▶ PROVIDED DATA
<<<<

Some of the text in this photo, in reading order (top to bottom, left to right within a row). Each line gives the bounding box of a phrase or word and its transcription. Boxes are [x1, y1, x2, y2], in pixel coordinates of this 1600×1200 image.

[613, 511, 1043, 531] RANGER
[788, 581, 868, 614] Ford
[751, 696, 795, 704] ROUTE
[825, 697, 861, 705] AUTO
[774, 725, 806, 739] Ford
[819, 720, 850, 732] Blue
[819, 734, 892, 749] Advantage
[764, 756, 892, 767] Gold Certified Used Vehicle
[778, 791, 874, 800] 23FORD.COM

>>>>

Output the whole listing word for word.

Some of the text in this photo, in reading order (top to bottom, left to right within a row). Each line gives the bounding box of a phrase or word and its transcription. Boxes are [x1, y1, x2, y2], in pixel coordinates of this 1600×1200 image.

[613, 511, 1043, 531] RANGER
[788, 581, 868, 614] Ford
[751, 696, 795, 704] ROUTE
[825, 697, 861, 705] AUTO
[774, 725, 806, 739] Ford
[819, 720, 850, 732] Blue
[819, 734, 892, 749] Advantage
[764, 756, 892, 767] Gold Certified Used Vehicle
[778, 791, 874, 800] 23FORD.COM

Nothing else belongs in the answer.